Local Delivery of miR-27a* Using Ultrasound-Targeted Microbubble Cavitation Inhibits Squamous Cell Carcinoma Growth

Objective Ultrasound-targeted microbubble (MB) cavitation (UTMC) is an image-guided therapeutic oligonucleotide delivery platform utilizing intravenously injected gas-filled ultrasound contrast agents, which carry the therapeutic on the MB shell. During transit of MBs in the microcirculation of target tissue, ultrasound causes MB oscillation, facilitating endocytosis-independent payload uptake within insonified cells. Here, we tested the hypothesis that UTMC-mediated miR-27a* delivery will reduce tumor growth rate and result in accumulation of miR-27a* within tumor cells and the tumor microenvironment.

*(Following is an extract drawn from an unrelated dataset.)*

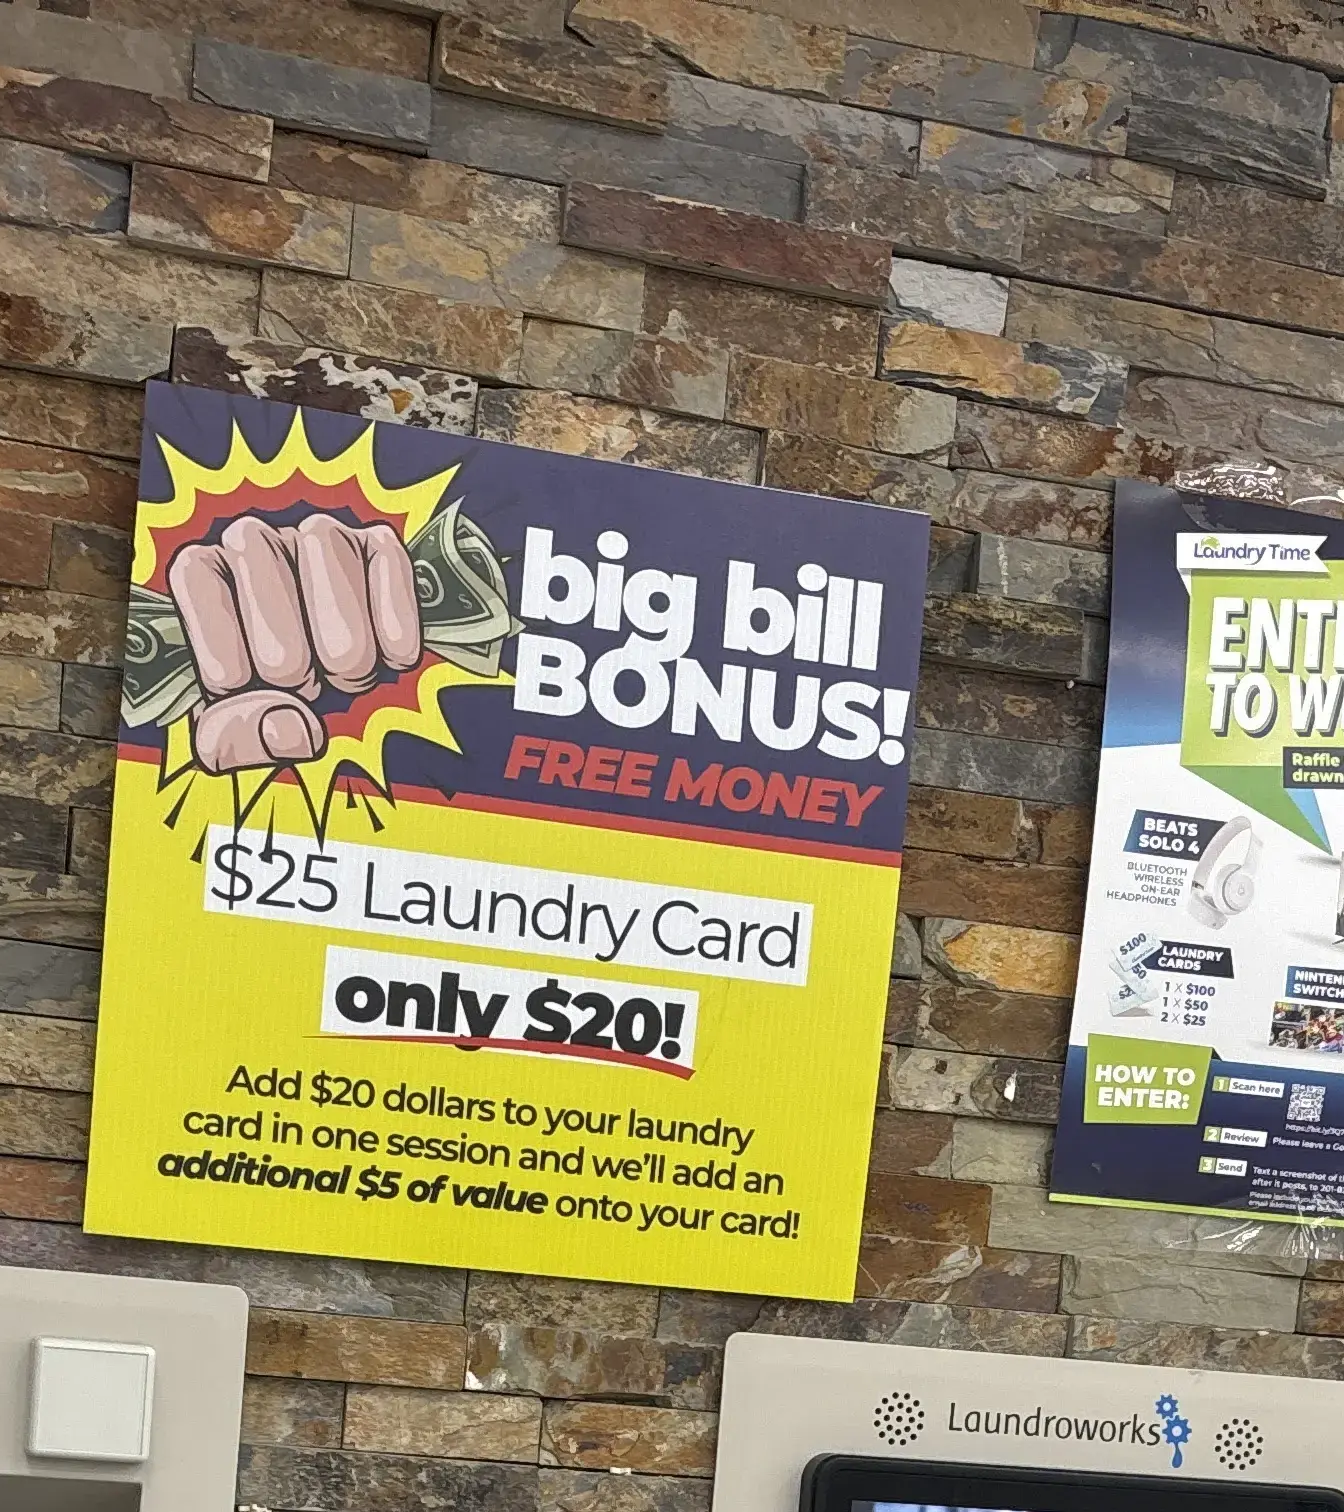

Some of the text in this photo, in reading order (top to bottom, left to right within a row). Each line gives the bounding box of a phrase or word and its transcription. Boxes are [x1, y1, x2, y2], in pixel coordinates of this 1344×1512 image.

Methods We used UTMC to deliver miR-27a* to SCC-VII cells in vitro and in SCC-VII mouse tumor models. Pulsed ultrasound was delivered during intravenous (i.v.) infusion of lipid encapsulated MBs loading either miR-27a* (miR-27a*-MB + UTMC) or negative control MBs (Con-miR-MB + UTMC). Results miR-27a*-MB+UTMC treatment significantly reduced SCC-VII cell viability in vitro and SCC-VII tumor growth in vivo compared to negative controls (Con-miR-MB+UTMC, i.v. miR-27a* or no treatment). Forty-eight hours following treatment, protein expression of direct miR-27a* targets (epidermal growth factor receptor [EGFR], NUP62 and ΔNP63α) was significantly reduced in miR-27a*-MB + UTMC vs i.v. miR-27a* or Con-miR-MB + UTMC. Further, whereas i.v. miR-27a* did not decrease tumor expression of these proteins vs. non-treated tumors, miR-27a*-MB + UTMC significantly reduced tumor expression of EGFR, NUP62 and ΔNP63α by 50%–75%, compared to non-treated tumors. Conclusion These data substantiate the utility of UTMC for non-invasive delivery of oligonucleotide payloads to extravascular target sites and suggests the therapeutic potential of miR-27a* for the treatment of head and neck squamous cell carcinoma.